Lagu lawas dari Titik Sandora yang berjudul “Bunga Sakura” serasa menjadi saksi bisu kemesraan kedua anak Adam yang mulai jatuh hati.
*****************************
Kerata api Argo Dwipangga meluncur dengan cepat dari stasiun Gambir tepat pukul 08.30 menuju stasiun Tugu Jogyakarta. Tak ada kata serius selama perjalanan pulang ke Jogya antara Seruni dan mas Budi. Seruni kembali mengingat ramalan mbah Min beberapa tahun yang lalu bahwa jodohnya adalah berinisial “P”. Dan entahlah, apa karena kebetulan atau memang penerawangan mbah yang luar biasa, ia menyuruhnya pulang dengan teman lelakinya yang sekarang sedang dekat dengannya. Seruni tak berani mengatakan pada mas Budi, ia simpan rapat ramalan mbahnya sewaktu SMA dulu.
Argo Dwipangga memasuki stasiun Tugu tepat pukul 16.25, Mereka menuruni tangga kereta dan langsung memesan Gocar untuk membawanya ke Wirotapan, sebuah dusun kecil di kaki bukit. Hati Seruni terus bergemuruh, grogi dan takut bila mas Budi ini adalah lelaki yang diterawang mbahnya menjadi jodonya.
“Runi, ada apa denganmu, kau sakit?. Wajahmu terlihat pucat”. Suara Pambudi membuyarkan kekuatiran Seruni.
“Engak Mas”. Jawab Seruni menutupi kegugupannya.
“Sudah masuk dusun Wirotapan Runi” Mas Budi memegang pundak Seruni
“Iya, Mas, rumahku persis di atas kaki bukit itu”. Jawab Seruni sambil menunjuk bukit di depan matanya.
Akhirnya setelah hampir satu jam perjalanan dari stasiun Tugu, Seruni sampai juga di halaman rumahnya. Mereka turun dari mobil yang membawanya setelah mas Budi membayar tarif yang tertera diaplikasi Gocar. Mereka perlahan menuju rumah yang terlihat asri dan begitu sepi, dengan kanan kiri berjajar pohan durian dan duku hasil tanaman bapaknya dan mbah Min. Sayup terdengar suara nyayian tembang Jawa Sinom Parijotho dari dalam rumah berbilik anyaman bambu.
“Runi, tunggu dulu, jangan kamu ketuk pintunya”. Suara mas Budi menghentikan langkahnya.
“Ada apa mas?”, sahut Runi.
“Biarkan dulu tembang itu selesai Runi, aku suka mendengarnya”
“Iya Mas, itu suara mbah”. Lirih Seruni menjawab.
Anger-anger putraningsun
Lah tangi yoo dipun aglis
Iki wis wayah awan
Mundak kasep anak mami
Nuli gregah yoo tangi
Menyang jamban perlu adus
Dupeh rampung pra dandan
Sarapane wis cemawis
Sega gudeg, tege cuer nganggo gula
“Mlebu Nduk, ojo meneng ae neng njobo”. Suara mbah dari dalam rumah membuart Seruni dan Pambudi aling berpandangan.
“Njih mbah, Assalamualaikum”
“Waalaikum salam, cah ayu?, koncomu iku ya diaturi mlebu toh Nduk?
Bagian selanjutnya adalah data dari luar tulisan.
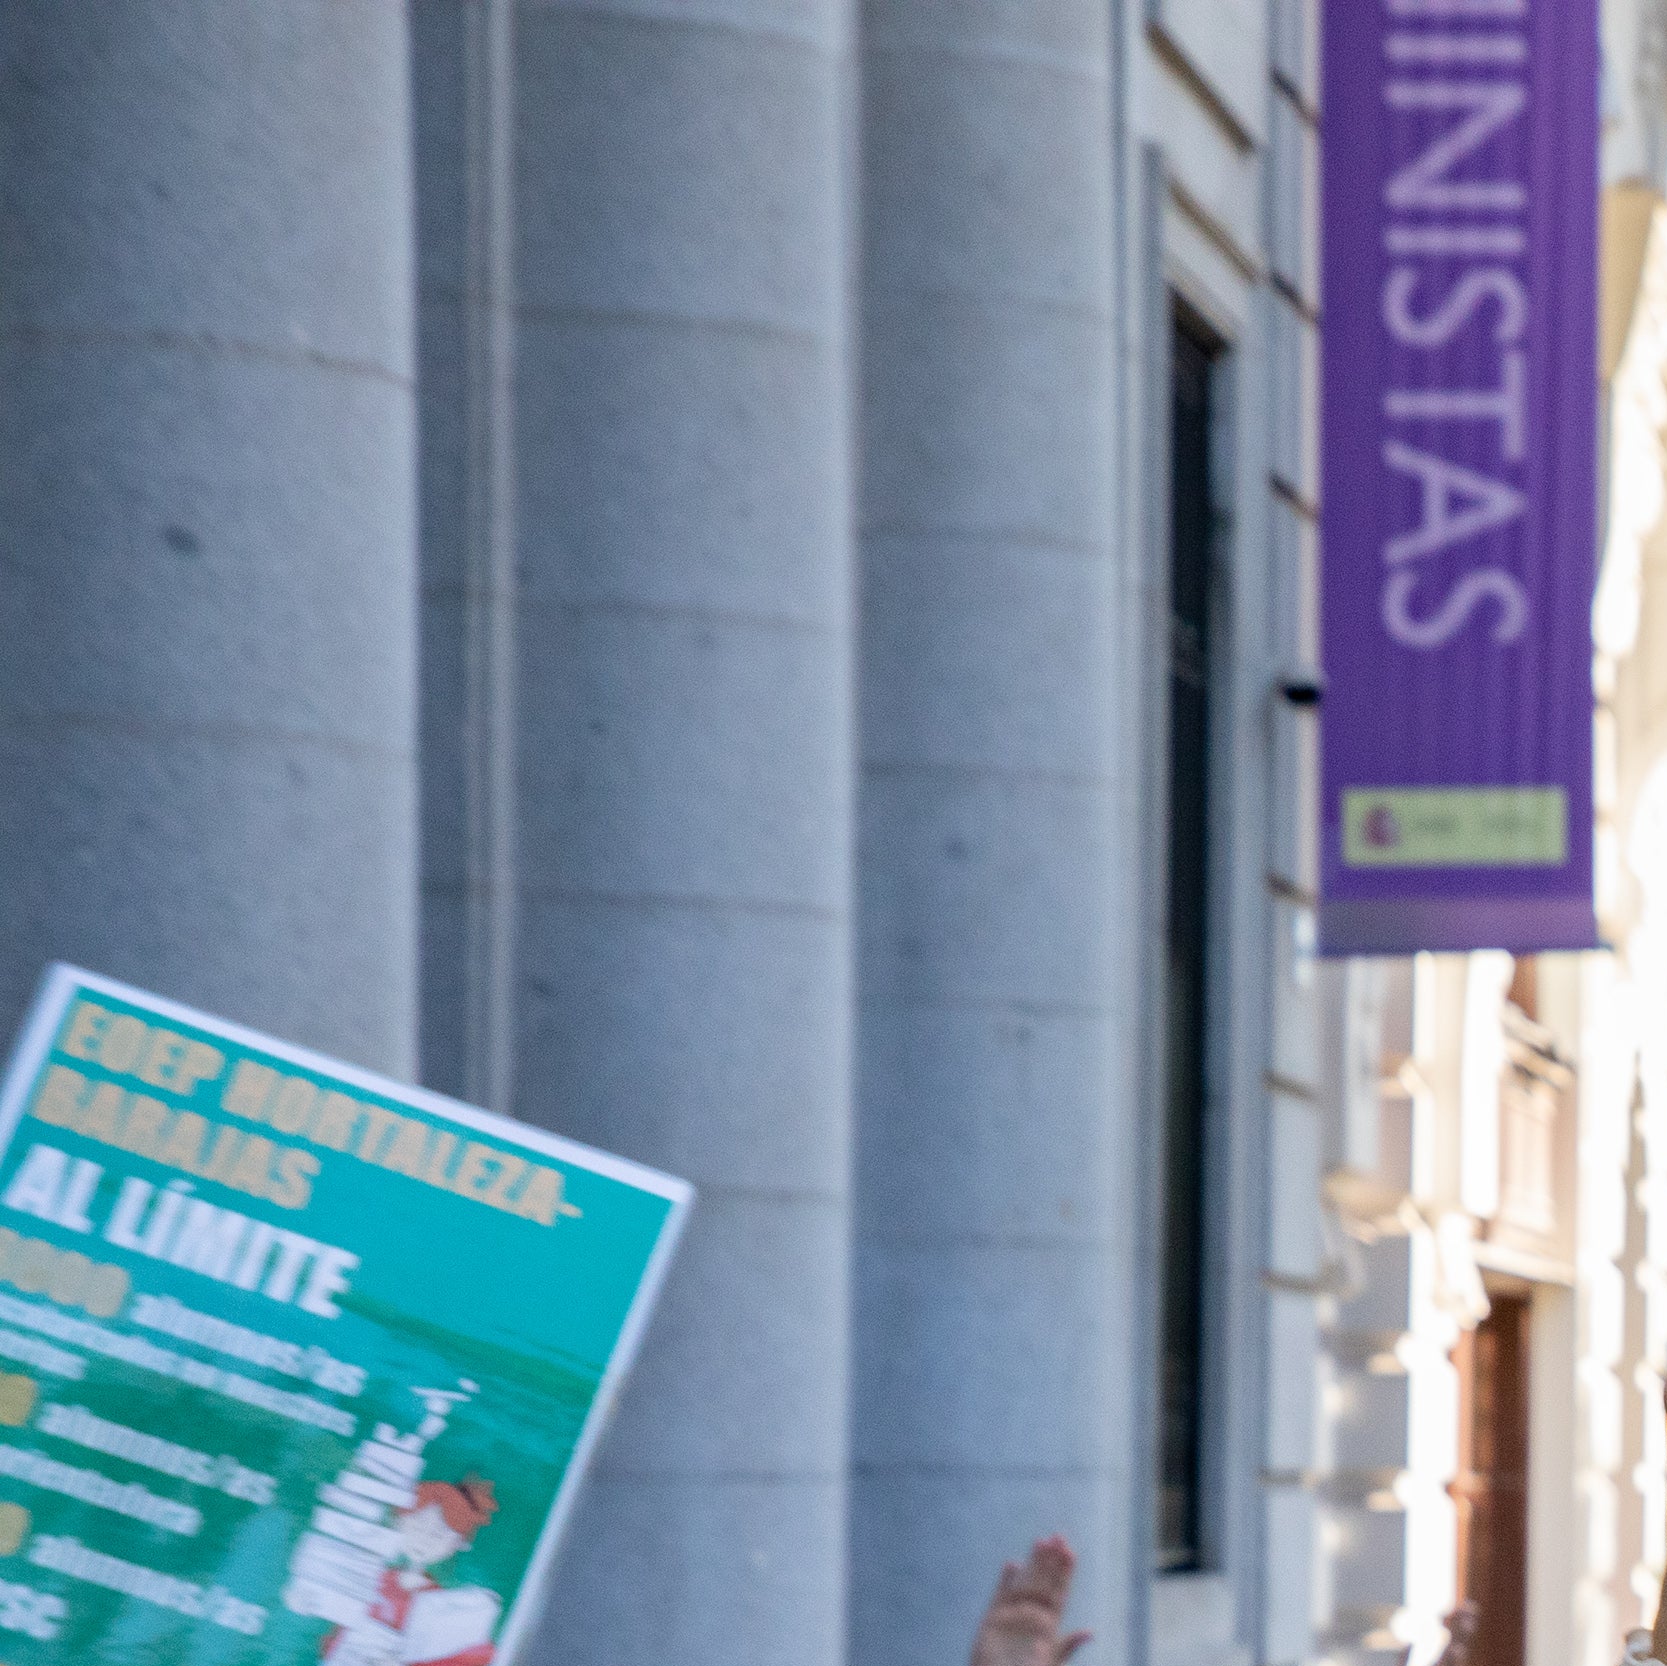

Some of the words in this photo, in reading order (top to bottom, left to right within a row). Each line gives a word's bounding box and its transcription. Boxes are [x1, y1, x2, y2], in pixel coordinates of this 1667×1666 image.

[1382, 0, 1527, 648] INISTAS
[33, 1064, 321, 1210] BARAJAS
[2, 1144, 105, 1234] AL
[102, 1176, 362, 1319] LÍMITE
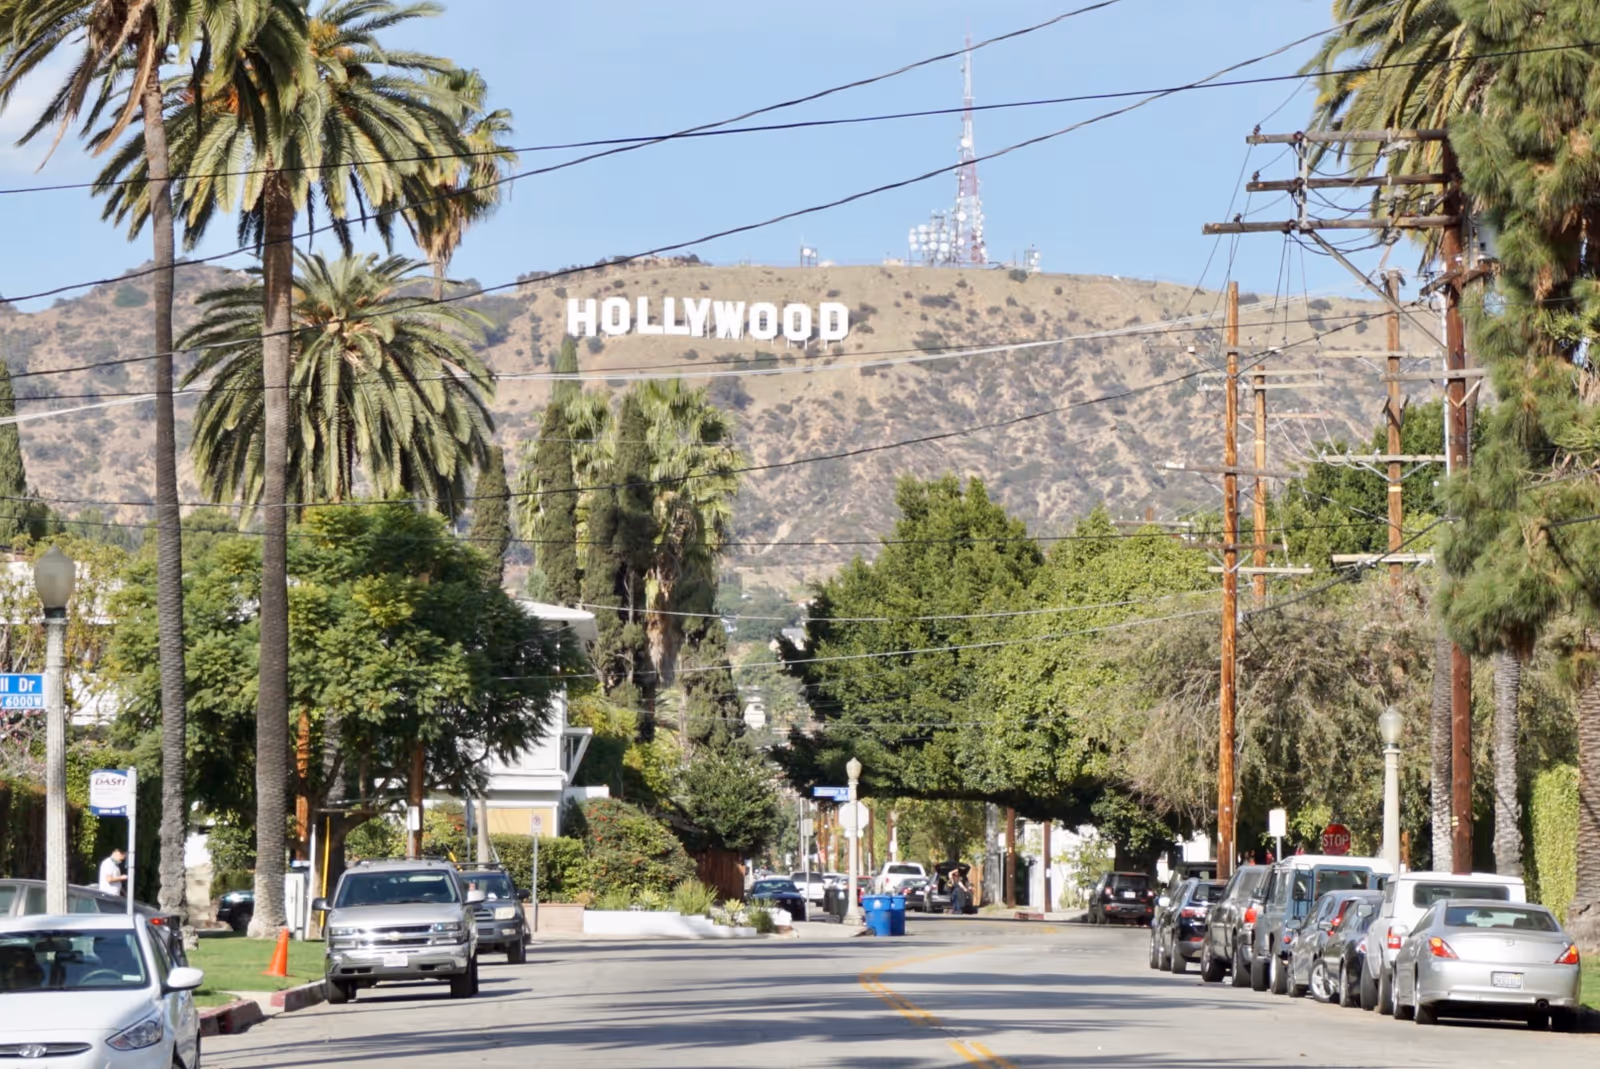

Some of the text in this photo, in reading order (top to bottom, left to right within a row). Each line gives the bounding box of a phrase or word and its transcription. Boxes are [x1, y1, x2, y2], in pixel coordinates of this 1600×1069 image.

[567, 296, 849, 342] HOLLYWOOD
[18, 677, 36, 692] Dr
[1322, 834, 1350, 847] STOP
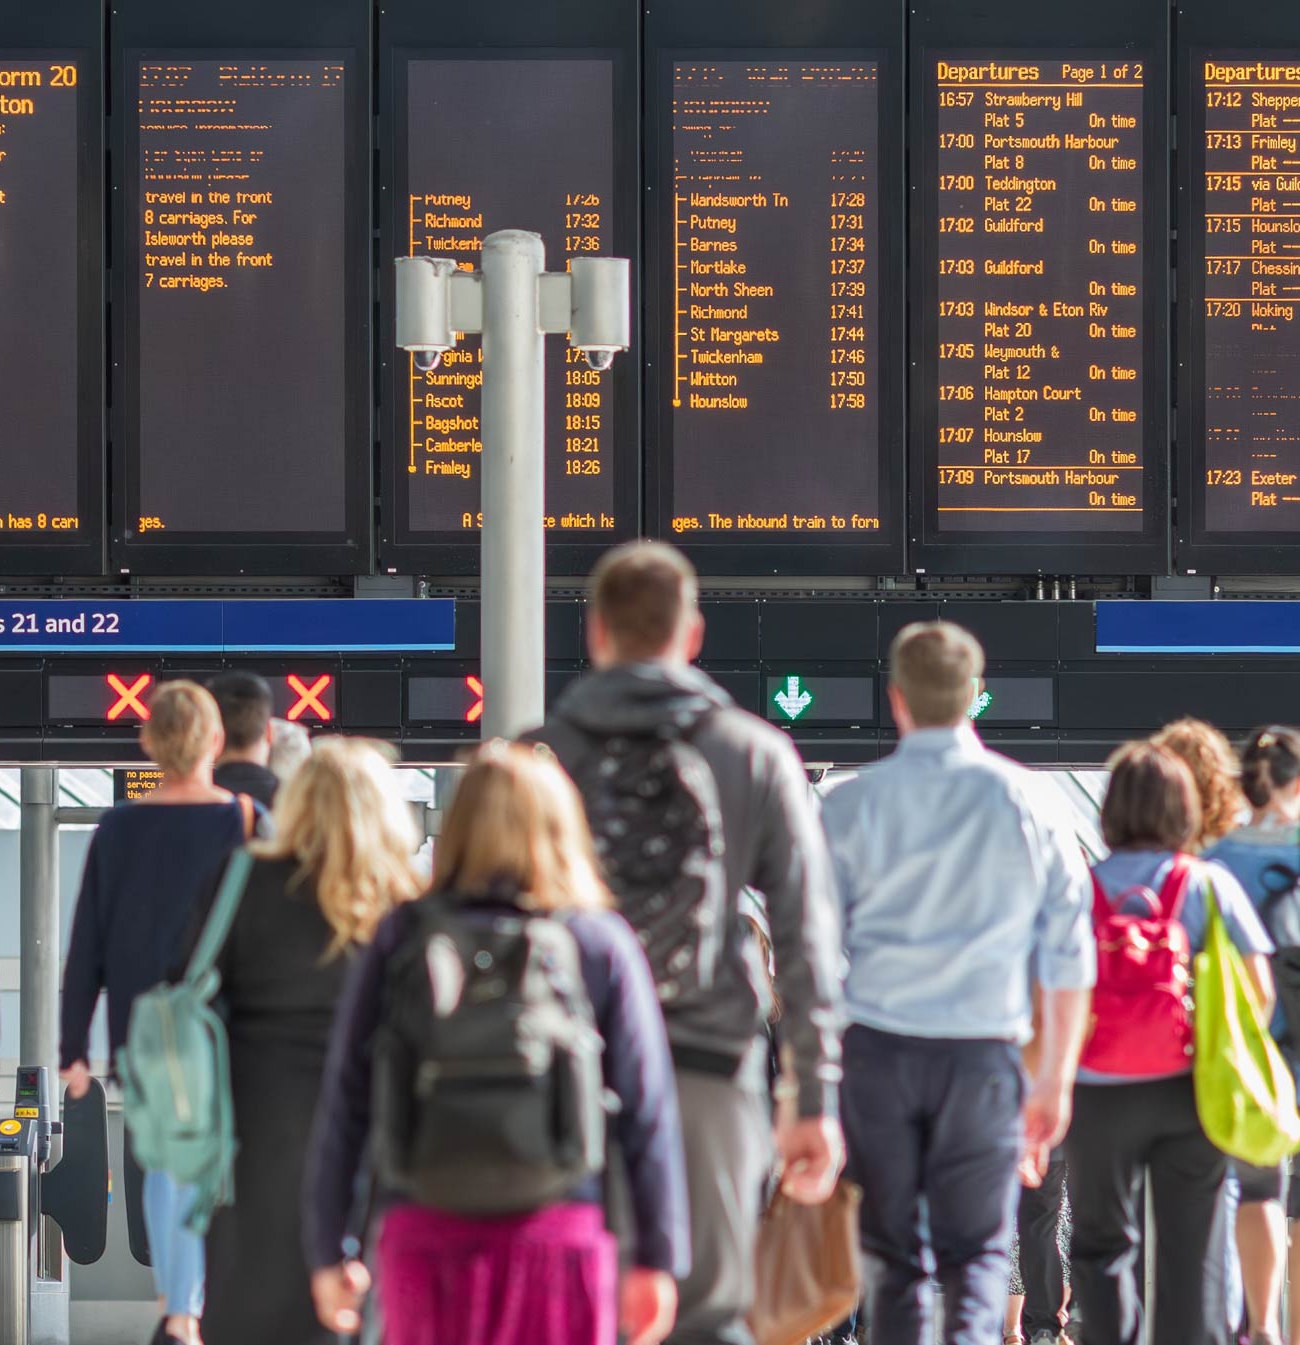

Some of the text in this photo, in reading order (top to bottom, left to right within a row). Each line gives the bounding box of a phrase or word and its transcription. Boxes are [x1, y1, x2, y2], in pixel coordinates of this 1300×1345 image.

[50, 66, 76, 86] 20
[938, 63, 1039, 82] Departures
[1063, 64, 1142, 82] Page 1 of 2
[1205, 63, 1300, 83] Departures
[940, 92, 1082, 110] 16:57 Strawberry Hill
[1208, 92, 1241, 107] 17:12
[985, 113, 1136, 128] Plat 5 On time
[940, 134, 1118, 149] 17:00 Portsmouth Harbour
[1208, 134, 1296, 152] 17:13 Frimley
[940, 176, 1056, 194] 17:00 Teddington
[1207, 176, 1241, 191] 17:15
[985, 197, 1136, 211] Plat 22 On time
[145, 210, 256, 228] 8 carriages. For
[426, 213, 599, 228] Richmond 17:32
[940, 218, 1043, 232] 17:02 Guildford
[1207, 218, 1240, 232] 17:15
[145, 231, 253, 249] Isleworth please
[691, 237, 864, 251] Barnes 17:34
[146, 252, 272, 266] travel in the front
[691, 259, 865, 274] Mortlake 17:37
[691, 282, 864, 296] North Sheen 17:39
[691, 305, 862, 319] Richmond 17:41
[940, 302, 1107, 316] 17:03 Windsor & Eton Riv
[1207, 302, 1292, 320] 17:20 Woking
[691, 327, 864, 345] St Margarets 17:44
[940, 344, 1059, 361] 17:05 Weymouth &
[691, 371, 864, 386] Whitton 17:50
[426, 393, 600, 407] Ascot 18:09
[940, 386, 1081, 404] 17:06 Hampton Court
[426, 415, 600, 433] Bagshot 18:15
[940, 428, 1042, 442] 17:07 Hounslow
[985, 449, 1136, 463] Plat 17 On time
[426, 460, 600, 478] Frimley 18:26
[1208, 470, 1296, 485] 17:23 Exeter
[9, 514, 32, 528] has
[38, 514, 46, 528] 8
[709, 514, 845, 528] The inbound train to
[12, 613, 39, 633] 21
[46, 613, 84, 633] and
[92, 613, 119, 633] 22
[127, 780, 156, 789] service
[127, 790, 142, 799] this
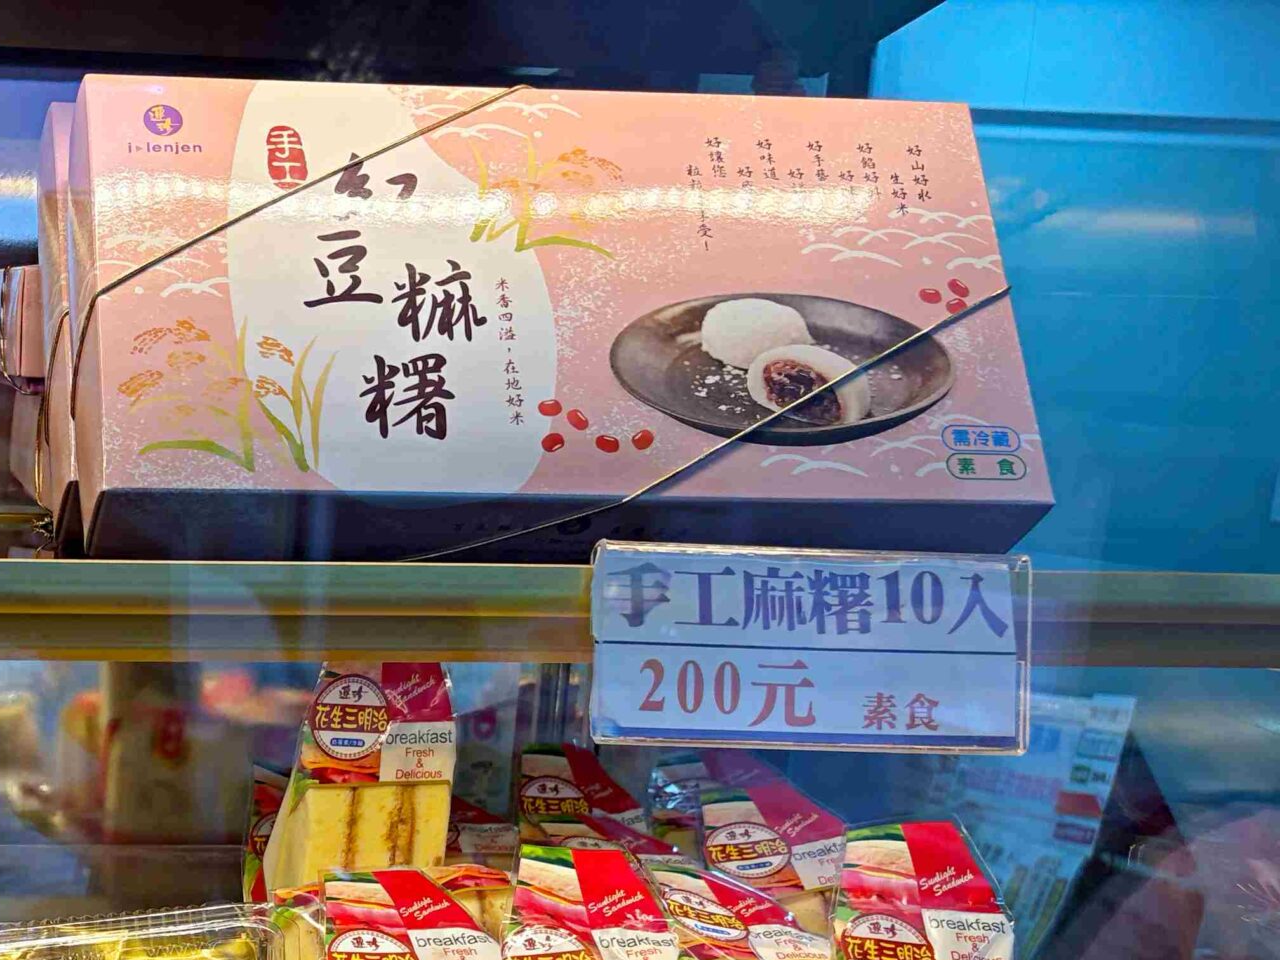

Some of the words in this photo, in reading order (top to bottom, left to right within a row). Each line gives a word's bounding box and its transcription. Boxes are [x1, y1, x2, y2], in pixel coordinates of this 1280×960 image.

[267, 129, 305, 184] 手工
[907, 145, 932, 202] 好山好水
[890, 173, 909, 216] 生好米
[607, 561, 1009, 639] 手工麻糬10入
[638, 658, 817, 728] 200元
[861, 691, 941, 732] 素食
[315, 705, 388, 732] 花生三明治
[386, 729, 453, 745] breakfast
[405, 748, 434, 757] Fresh
[395, 769, 443, 780] Delicious
[708, 838, 788, 862] 花生三明治
[932, 869, 974, 896] Sandwich
[412, 900, 450, 920] Sandwich
[602, 892, 645, 917] Sandwich
[928, 916, 1005, 933] breakfast
[416, 932, 492, 948] breakfast
[599, 936, 676, 949] breakfast
[956, 932, 990, 944] Fresh
[443, 947, 477, 956] Fresh
[776, 951, 828, 960] Delicious
Ora mendhel ae?”
“Mbah, nepangke kulo Pambudi rencang Seruni dari………”.
“Iyo, mbah wis ngerti Le”. Mbah memotong kalimat mas rie yang belum selesai.
Seruni dan Pambudi saling berpandangan, kemudian mbah Mintoharjo berjalan mendekatinya kemudian memeluknya erat-erat sambil berucap: “Gusti Moho Agung ra nate sare maringi kebahagian kanthi tulus lan ikhlas”.
Semuanya terdiam, hening sayup kumandang adzan Magrib bergema mengetarkan jiwa Seruni dan Pambudi. Bukit Wirotapen terasa hening, Darno burung perkutut mbah Min juga diam seolah memahami apa yang dirasa oleh majikannya yang sedang sangat bersuka cita. Kerlap kerlip kunang-kunang menghiasi malam yang semakin larut, menidurkan harapan yang bertepi diantara hati Seruni dan Pambudi selama satu tahun perjalanan cintanya. Kini mereka telah membentuk rumah tangga yang sikinah dan memiliki seorang putri bernama Kinanti.